The next morning we were greeted with freshly brewed coffee from the french press and blueberry and chocolate chip pancakes. I was beside myself at this point; I was eating better in the woods that I ever ate at home! After breakfast we hiked to Mooney Falls, where only a small percentage of visitors actually make it down the steep descent to the bottom. This proved to be quite the adventure, gripping chains and calculating every step of the way. Our guides made sure we were safe and they were so encouraging! I can definitely say that we would not have ventured down had we been on our own, and it was so empowering to come face to face with our fears. Besides, there were more falls to see, and this was the only way down.
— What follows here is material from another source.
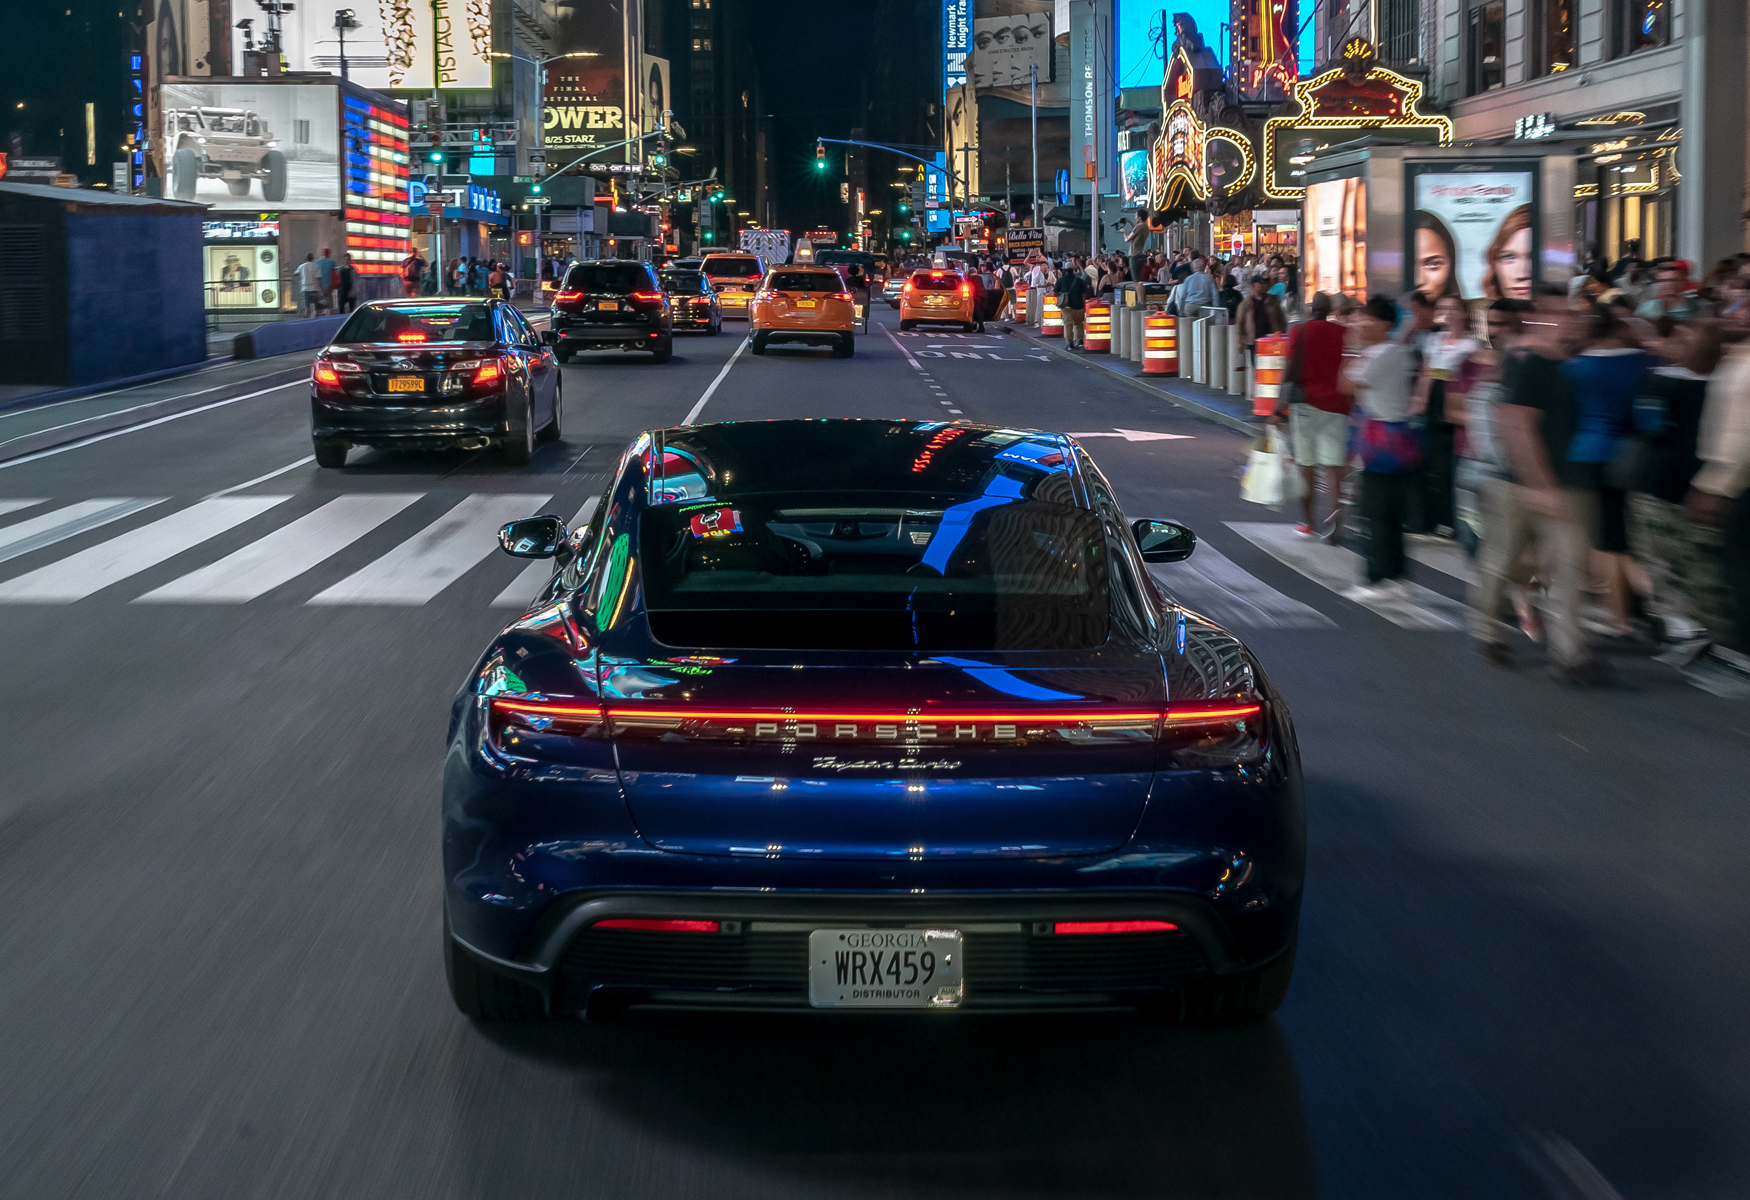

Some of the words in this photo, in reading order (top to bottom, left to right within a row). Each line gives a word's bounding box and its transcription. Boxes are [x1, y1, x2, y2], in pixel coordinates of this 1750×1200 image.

The two mile hike down to Beaver Falls was filled with stunning canyon views and many beautiful, smaller falls along the way. We stopped at one swimming hole for some rope swing fun. Havasu Creek guided our way along steep and sandy climbs and through fields of wild grape vines. We stopped just before the falls for a cliffside lunch of turkey or portobello mushroom sandwiches. While chowing down we spotted a family of Big Horn Sheep! There were two babies and the daddy, and they all hung out in a close proximity that even our guides had never witnessed. We got some great shots during those incredible two hours, and we all knew that we were sharing a very special experience.
Beaver Falls consists of a set of pools on top of the waterfall, and it is only a few miles from here down to the Colorado River. A few of us jumped off the falls into the cold blue water. There is nothing like the exhilarating rush you get from jumping off a waterfall! We climbed back up a rocky wall and headed back to camp. For dinner we had two different kinds of pasta - yummy carbs for all the hiking, swimming and adventuring of the day. Tomorrow morning we would be hiking out and would need to be up early. We were pleasantly exhausted and quickly passed out under the stars to the lull of the creek.
Our guides were up well before the sun preparing breakfast and packing up. Two in our group were taking a helicopter out, so we had to be in the village by 7:30. We dropped off all of our gear for the mules and headed out.After parting ways with the copter couple, we started the hike back up the canyon. This was a fun time and much easier than I anticipated, as most of the trek was flat and shady. Towards the end I did get whooped by the steep switchbacks, but we paced ourselves and took plenty of breaks. I highly recommend the challenge for anyone who is capable. It was so gratifying to hike out of the Grand Canyon! Refreshing cold drinks were waiting for us in the van, and we were happy to be at the end of our amazing journey.
Havasu Falls is as close to Eden as you can get – especially in the desert southwest, and I wholeheartedly recommend going on a guided trip. An outdoor adventure can be scary and intimidating, and even for those who are comfortable in the woods, nothing beats having someone else do all the work!